Tutto questo è stato possibile perché l’aliquota sui redditi societari, già ridottasi dal 35% al 21% in seguito alla riforma fiscale di Donald Trump, per Amazon è scesa fino al -1% grazie alle detrazioni e agli incentivi previsti dalla riforma stessa per le aziende che investano in ricerca e sviluppo. Ha sfruttato, inoltre, un meccanismo chiamato “compensazione in forma di azioni”, per il quale ha potuto sottrarre al valore delle entrate le azioni Amazon messe in vendita da dipendenti e dirigenti. In sostanza, trasformandole in una voce di spesa, si aumenta la cifra da sottrarre alle entrate per ottenere il reddito imponibile, dunque quest’ultimo cala e calano anche le tasse.

 

Ironico che tutto ciò sia stato possibile grazie a una manovra fiscale voluta da uno dei più severi critici del’iimpero di Jeff Bezos e specie del modello di business del suo e-commerce. Non è un mistero, in realtà, che la vera spinta nel fianco dell’inquilino della Casa Bianca sia l’orientamento politico del Washington Post, di cui Bezos è editore (come si è visto anche nel recente scandalo a base di ricatti e foto intime dell’amministratore delegato più ricco al mondo).

 

Se anche è tutto regolare, di certo fa impressione apprendere che un gigante da 11,2 miliardi di dollari di utili (nel 2018) non abbia di fatto contribuito alle casse del fisco.
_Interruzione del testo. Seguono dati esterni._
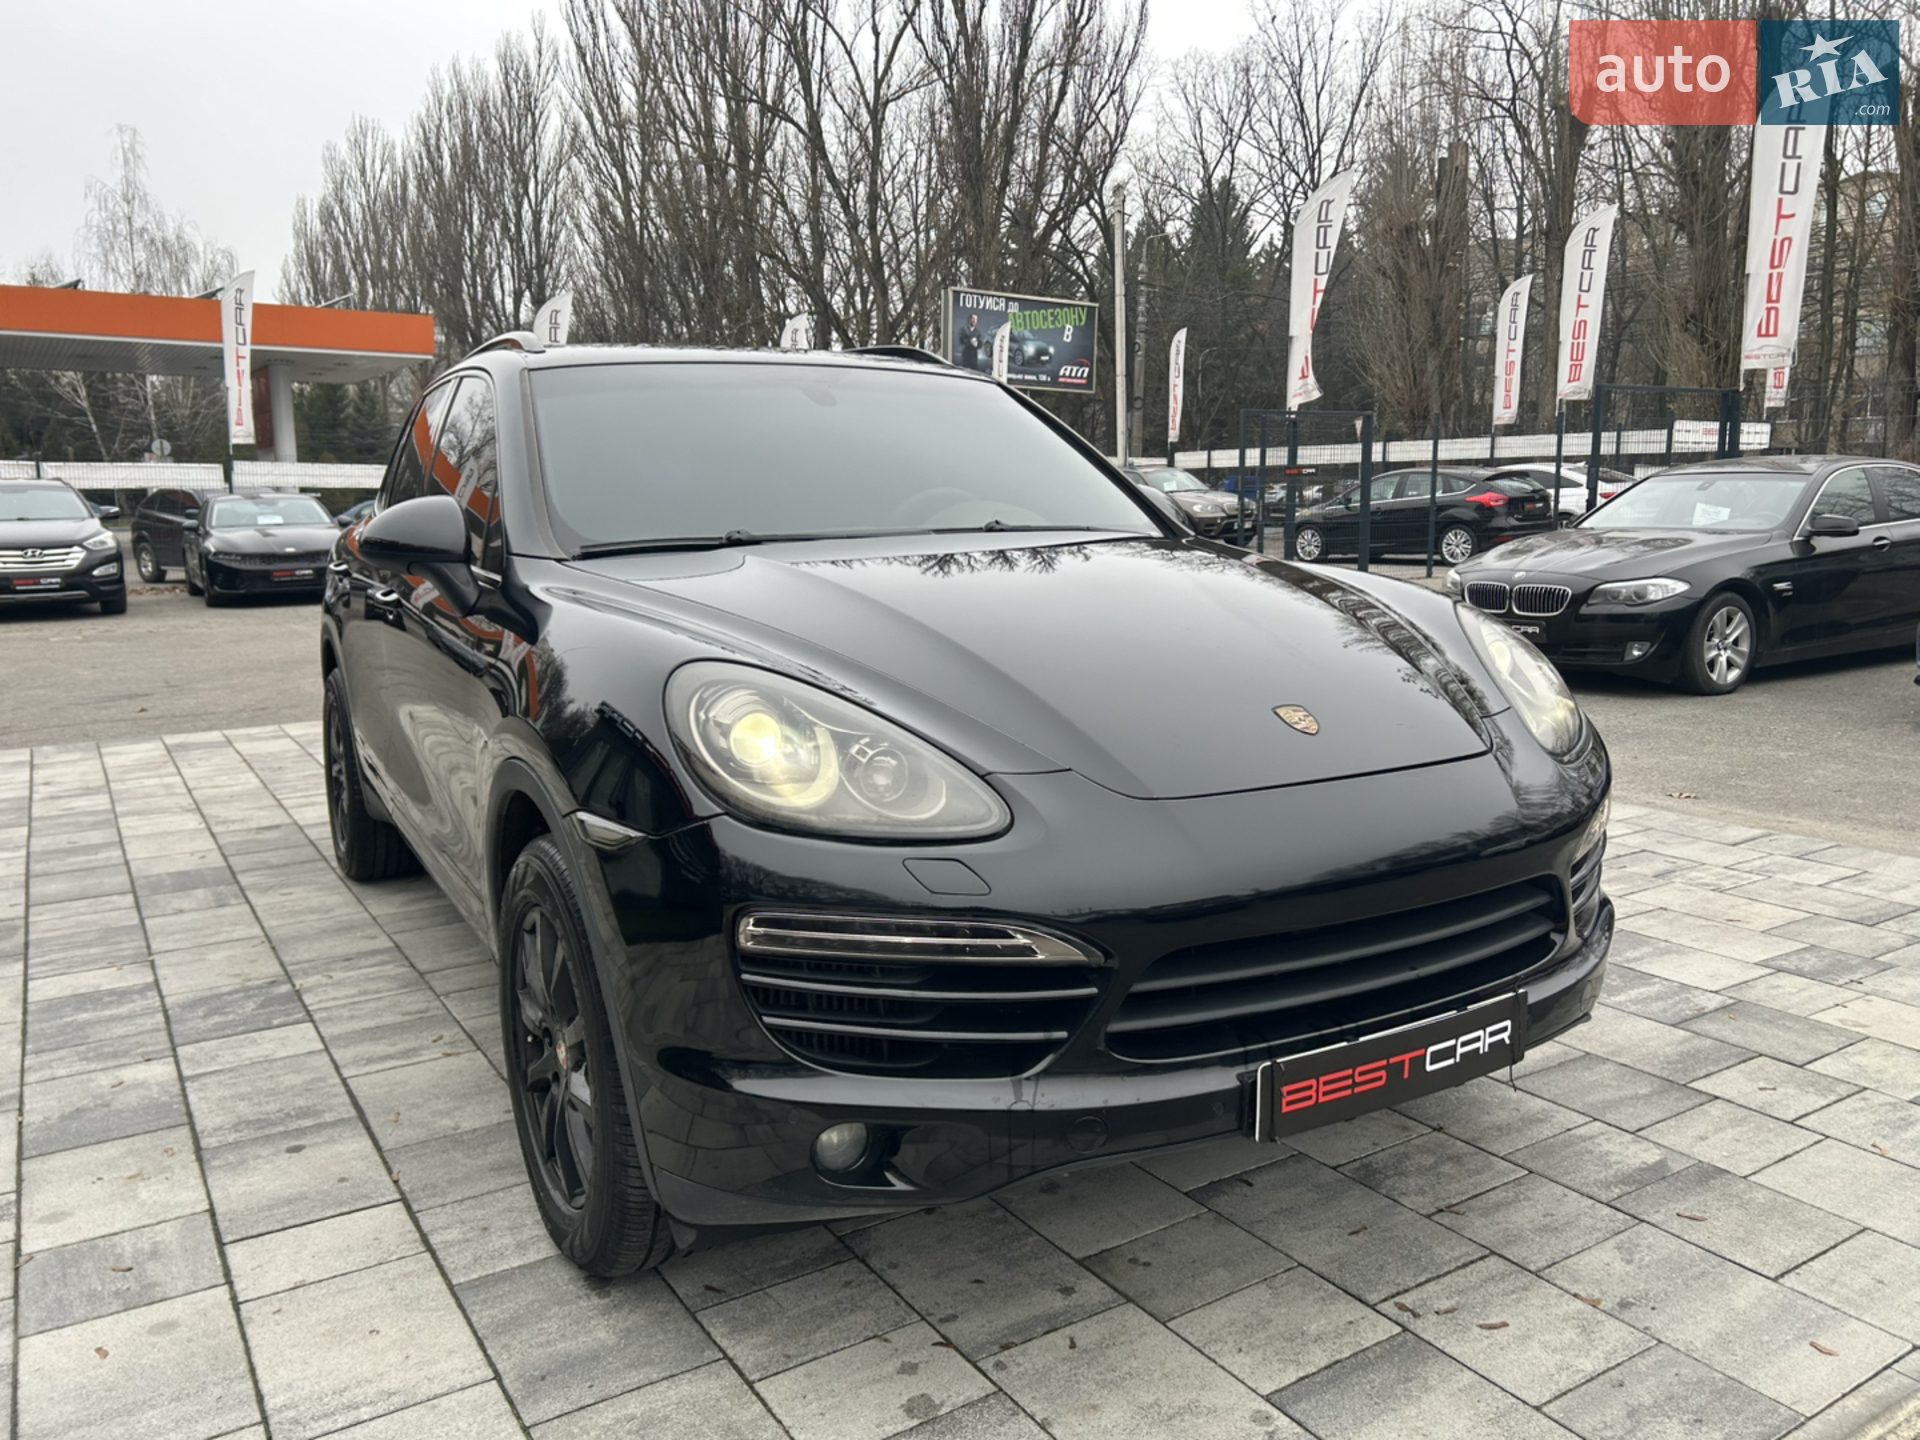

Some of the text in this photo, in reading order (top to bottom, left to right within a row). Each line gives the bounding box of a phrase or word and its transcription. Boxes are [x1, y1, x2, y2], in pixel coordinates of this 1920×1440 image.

[1008, 306, 1087, 331] АВТОСЕЗОНУ
[1503, 291, 1521, 410] BESTCAR
[1568, 226, 1601, 383] BESTCAR
[1281, 1019, 1512, 1114] BESTCAR
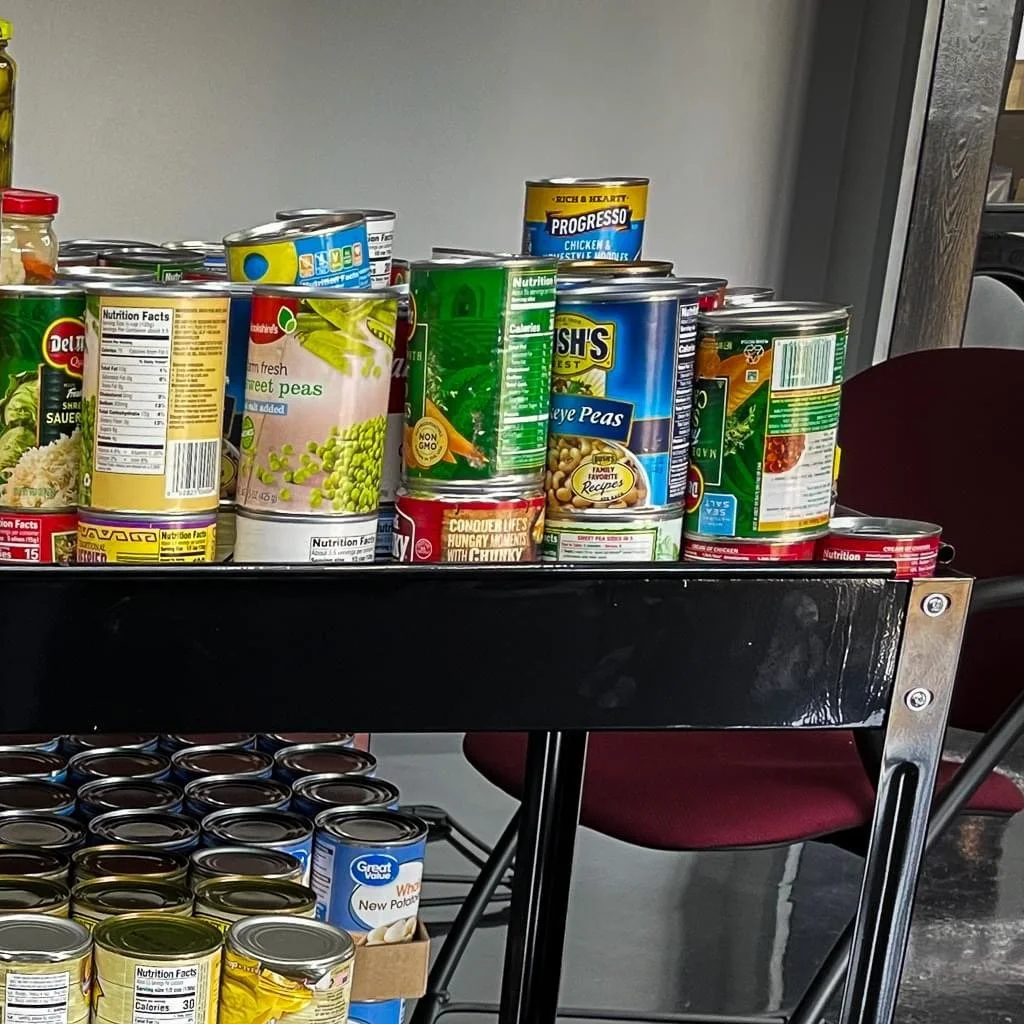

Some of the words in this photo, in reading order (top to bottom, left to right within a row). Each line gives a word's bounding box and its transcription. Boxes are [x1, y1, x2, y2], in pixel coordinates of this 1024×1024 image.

[551, 208, 627, 235] PROGRESSO
[564, 240, 602, 251] CHICKEN
[604, 240, 611, 250] &
[513, 275, 553, 288] Nutrition
[102, 309, 138, 322] Nutrition
[140, 310, 170, 322] Facts
[49, 334, 70, 352] Del
[261, 360, 288, 376] fresh
[278, 381, 323, 399] peas
[259, 403, 285, 415] added
[578, 406, 624, 427] Peas
[418, 432, 437, 441] NON
[418, 442, 437, 450] GMO
[581, 480, 623, 496] Recipes
[703, 508, 726, 516] SEA
[14, 520, 39, 530] Facts
[449, 518, 502, 533] CONQUER
[504, 518, 527, 532] LIFE'S
[312, 537, 358, 548] Nutrition
[448, 534, 489, 548] HUNGRY
[24, 548, 39, 560] 15
[448, 549, 467, 562] WITH
[469, 547, 523, 562] CHUNKY
[824, 549, 861, 561] Nutrition
[357, 860, 392, 872] Great
[364, 870, 391, 880] Value
[396, 882, 420, 897] Who
[358, 900, 387, 911] New
[137, 967, 174, 979] Nutrition
[176, 969, 197, 977] Facts
[135, 1001, 170, 1012] Calories
[182, 998, 195, 1010] 30
Se non altro Amazon è una calamita per l’export (considerando come esportazioni i suoi servizi, incluso il cloud) e un potente motore di occupazione, tra assunzioni dirette e indotto. Il fallimento del progetto del quartier generale newyorkese, non più destinato a sorgere nel Queens, risparmierà alla Grande Mela l’onere di donare ad Amazon di 3 miliardi di dollari di sussidi. Ma quel fallimento, festeggiato da politici, legislatori locali e residenti, ha anche fatto sfumare l’occasione di creare 25mila posti di lavoro diretti, senza contare l’indotto.

 

 

Ora, dopo le chiacchiere sulle foto osé di Jeff Bezos e dopo le discussioni sull’HQ2 che a New York non s’aveva da fare, Amazon ha cercato di smorzare le nuove polemiche sottolineando tramite la suo portavoce istituzionale, Jodi Seth, di aver “sempre versato tutte le tasse che le sono state richieste negli Stati Uniti e in ogni Paese dove opera, compresi i pagamenti di 2,6 miliardi di corporate tax e i 3,4 miliardi di spese fiscali negli ultimi tre anni”. Dal 2011 a oggi, inoltre, la società ha investito negli Usa una cifra pari a 160 miliardi di dollari. D’altra parte, se vogliamo scandalizzarci per la fortuna di Amazon, dobbiamo farlo anche per altre società già favorite da un’aliquota al 21% (di appena un punto superiore a quella prevista per i cittadini a basso reddito) e dal sistema di detrazioni e incentivi. Stando ai calcoli dell’Institute on Taxation and Economic, nemmeno Netflix l’anno scorso ha pagato tasse sul reddito nonostante gli 845 milioni di dollari di profitto.